What is needed is an exact copy of the records below, minus any pictures.
== Segment start ==
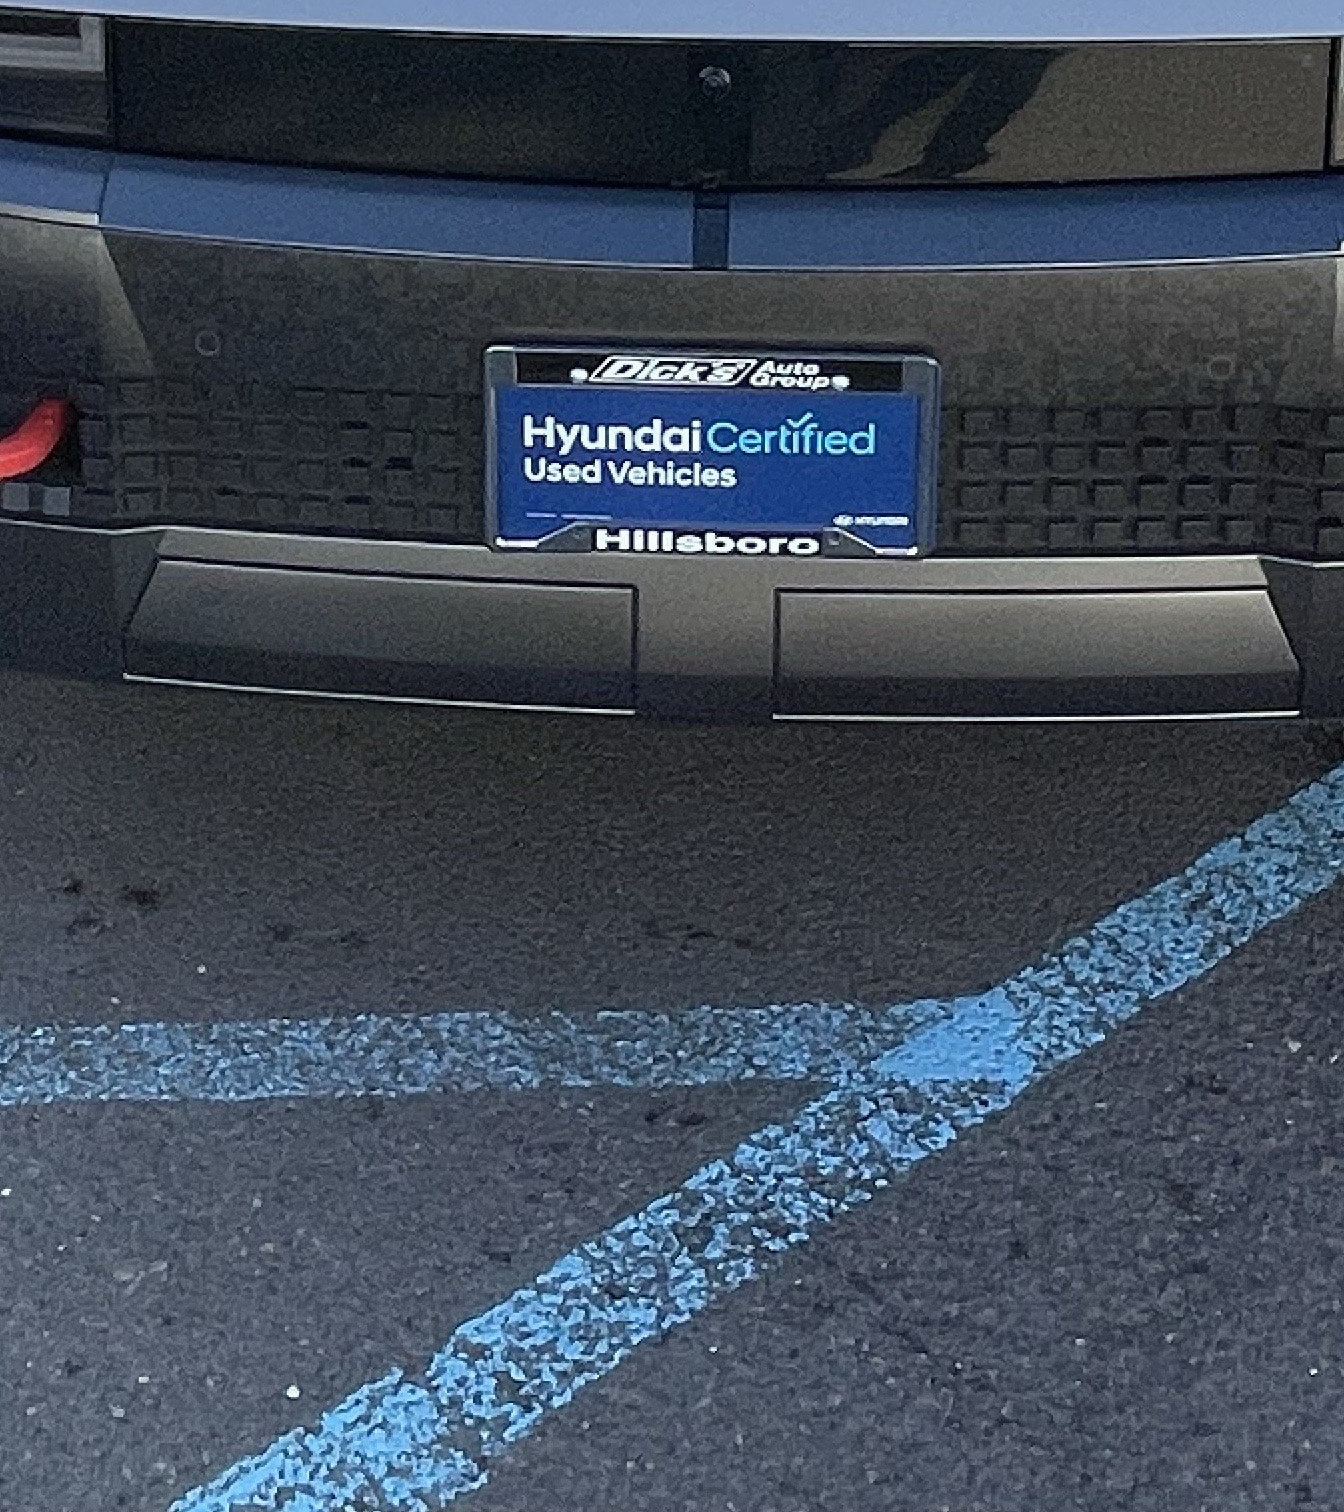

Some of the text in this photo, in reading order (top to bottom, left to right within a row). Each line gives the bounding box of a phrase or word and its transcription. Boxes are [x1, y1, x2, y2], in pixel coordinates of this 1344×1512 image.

[756, 359, 820, 376] Auto
[750, 374, 830, 390] Group
[522, 412, 876, 455] Hyundai Certified
[523, 457, 738, 487] Used Vehicles
[595, 528, 820, 555] Hillsboro
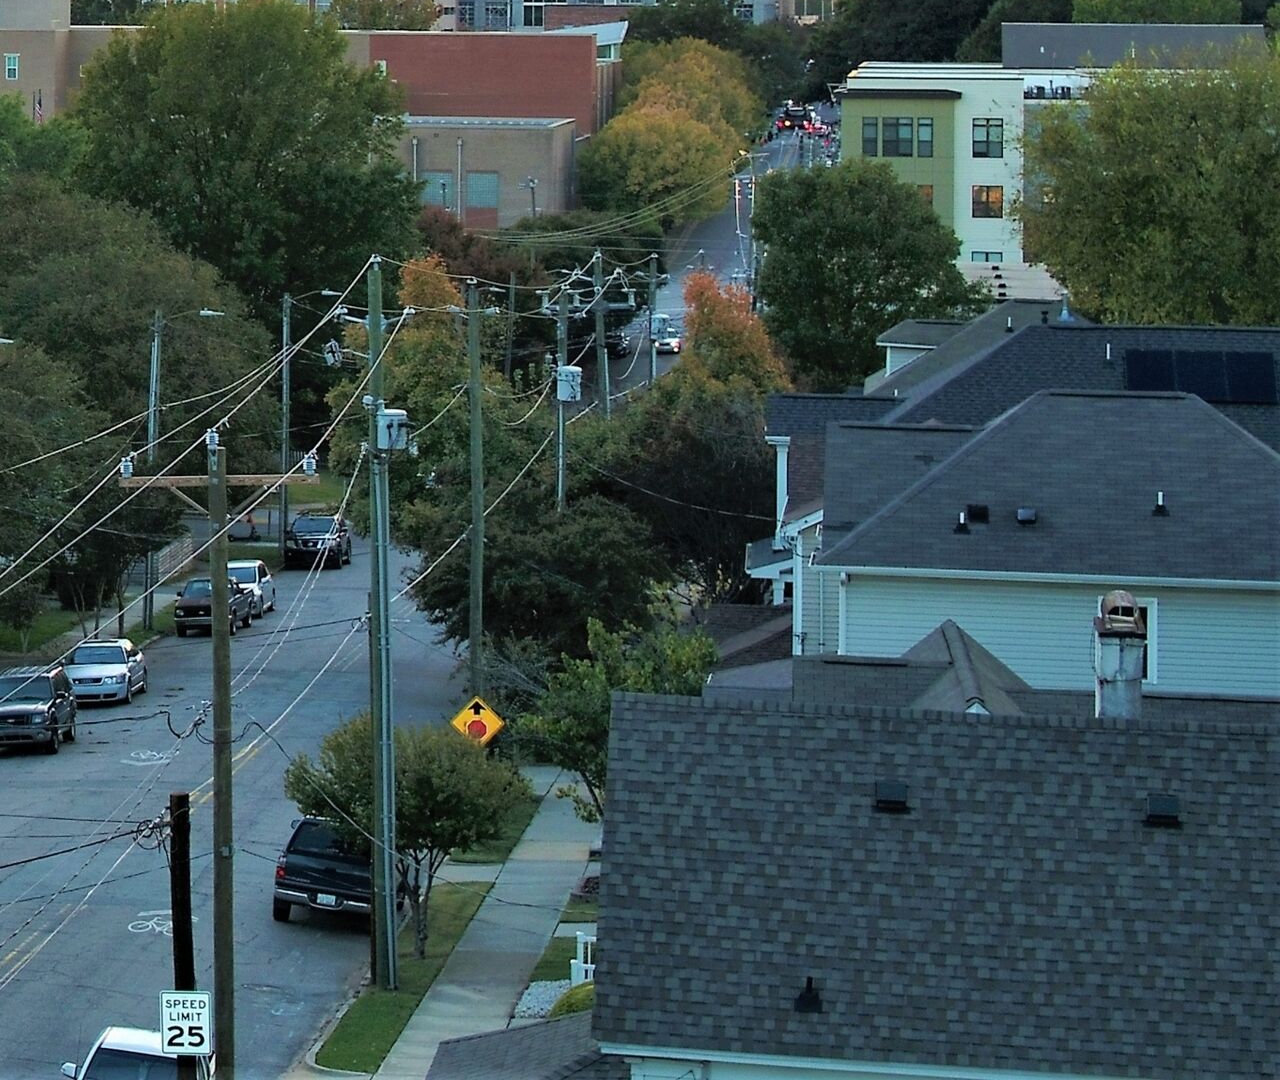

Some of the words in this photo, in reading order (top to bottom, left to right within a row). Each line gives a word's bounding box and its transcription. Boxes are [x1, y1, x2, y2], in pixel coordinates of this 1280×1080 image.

[165, 999, 206, 1009] SPEED
[169, 1012, 203, 1022] LIMIT
[167, 1025, 205, 1047] 25
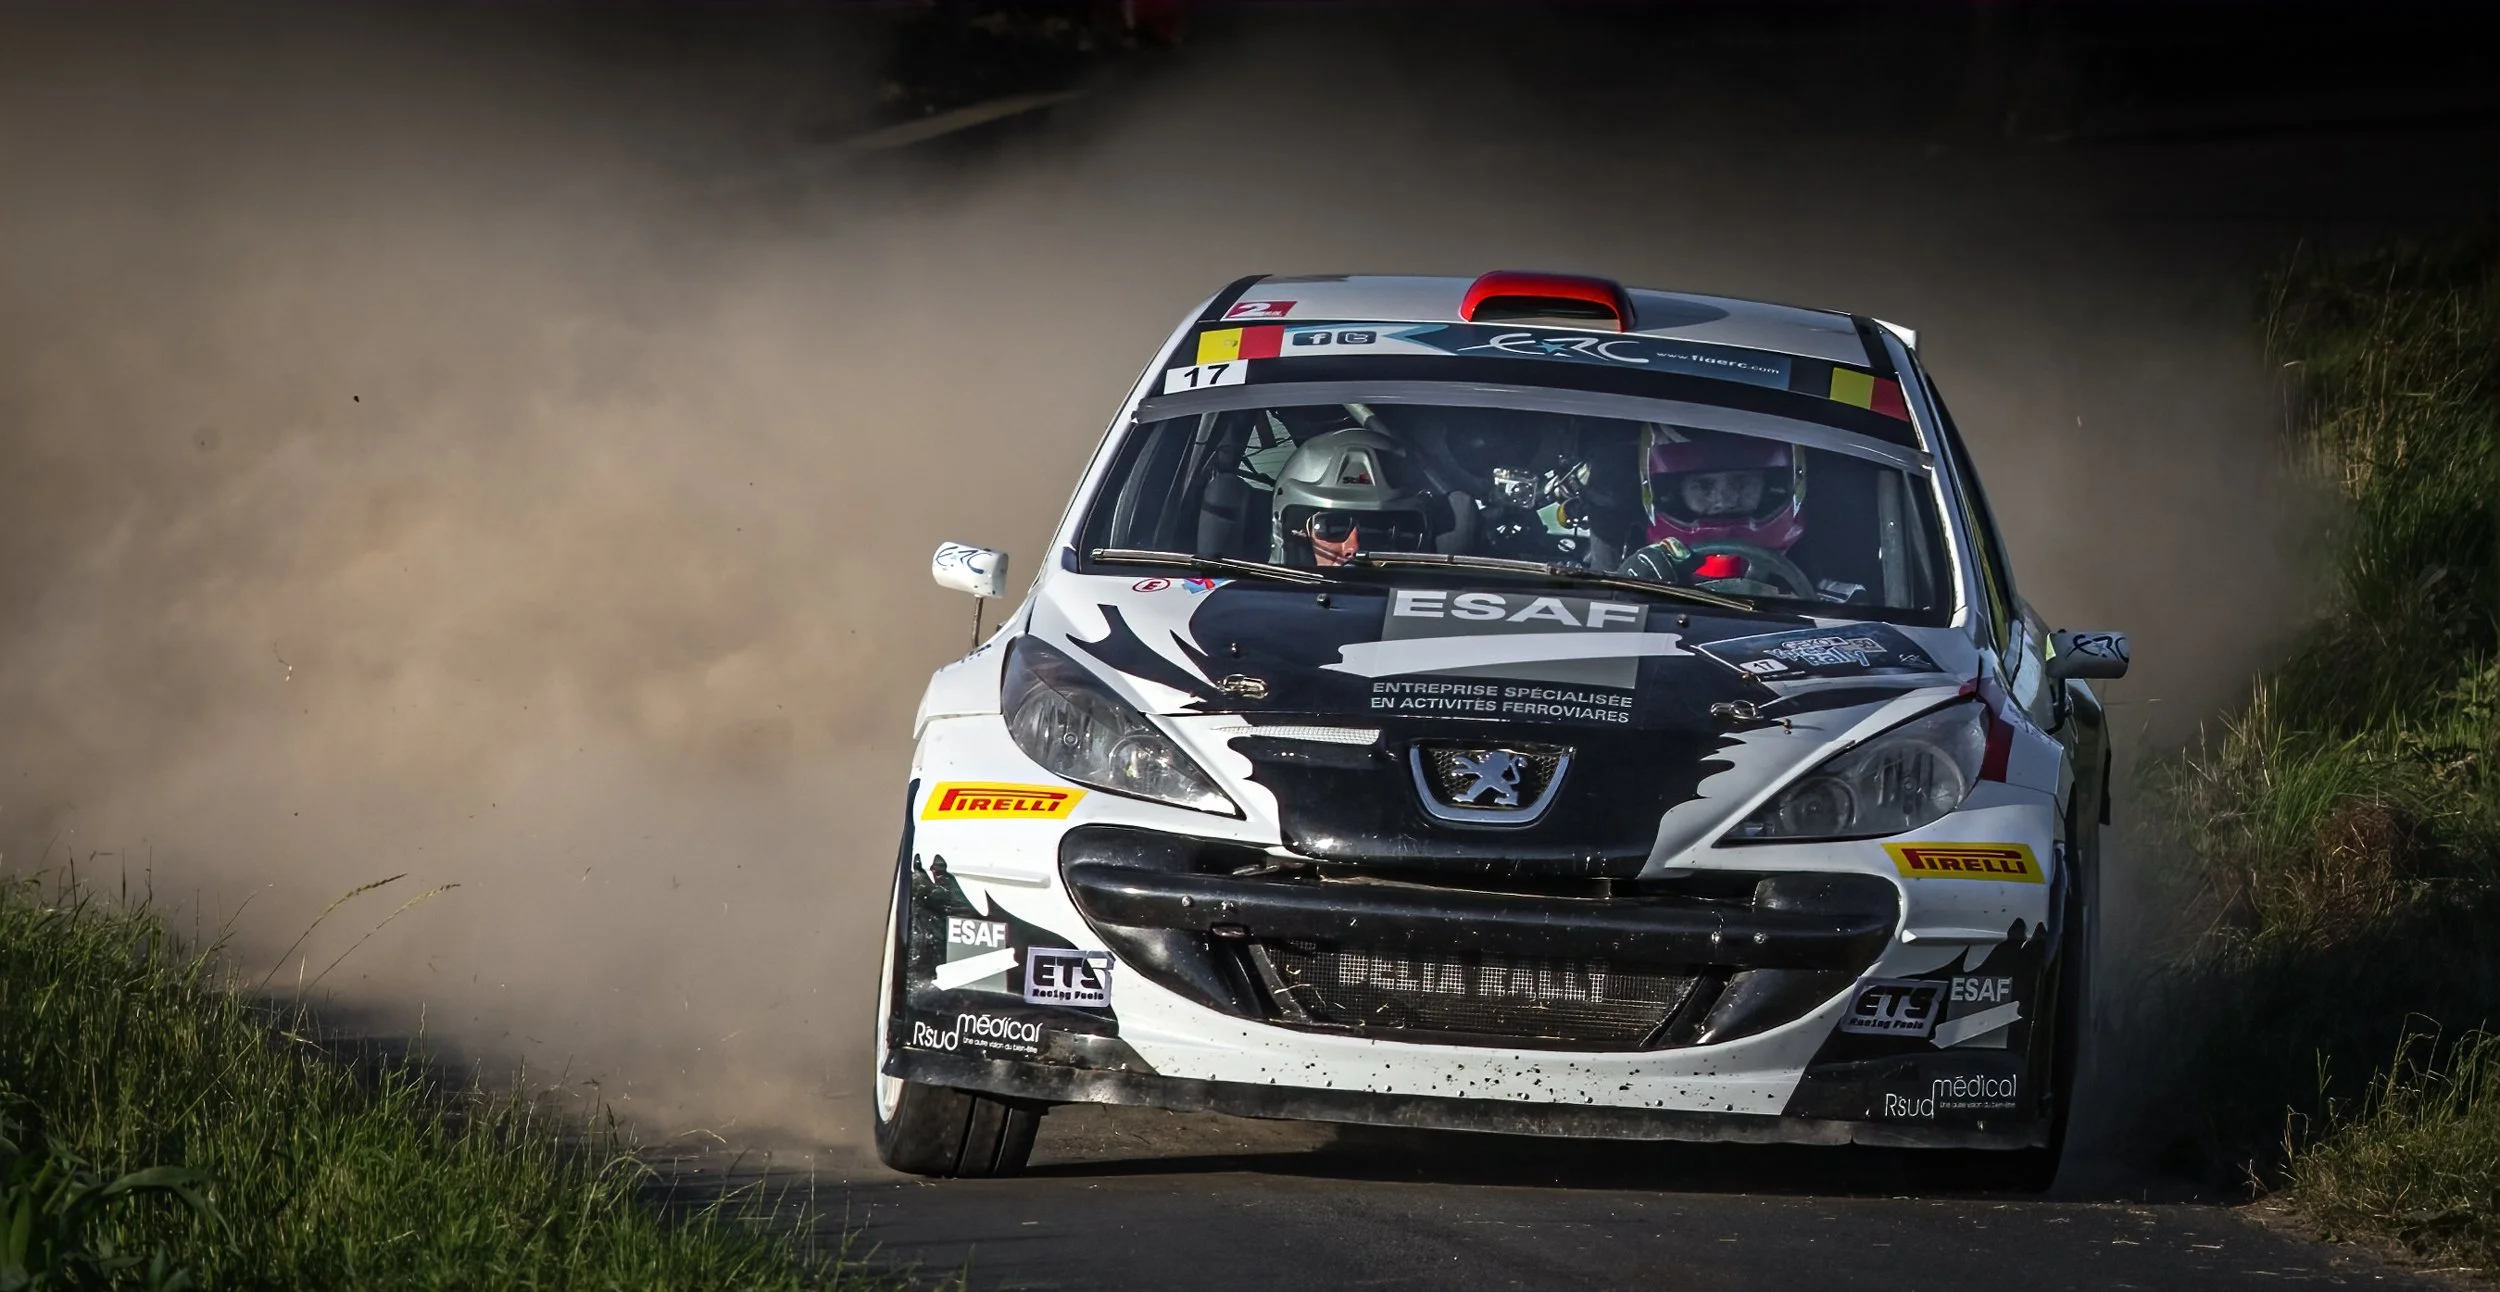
== Segment end ==
[ANSWER TO THIS EXERCISE]:
Some of the text in this photo, in reading order (top to bottom, left to right within a row). Each line gives the bounding box of a phrase or word and its transcription. Boxes are [x1, y1, x2, y2], in pixel coordinates of this 1344×1512 image.

[756, 359, 820, 376] Auto
[750, 374, 830, 390] Group
[522, 412, 876, 455] Hyundai Certified
[523, 457, 738, 487] Used Vehicles
[595, 528, 820, 555] Hillsboro

Some of the words in this photo, in reading order (top to bottom, left to right within a row). Each line gives a word's bounding box and its transcription. Boxes are [x1, y1, x2, y2], in pixel coordinates of this 1280×1080 image.

[165, 999, 206, 1009] SPEED
[169, 1012, 203, 1022] LIMIT
[167, 1025, 205, 1047] 25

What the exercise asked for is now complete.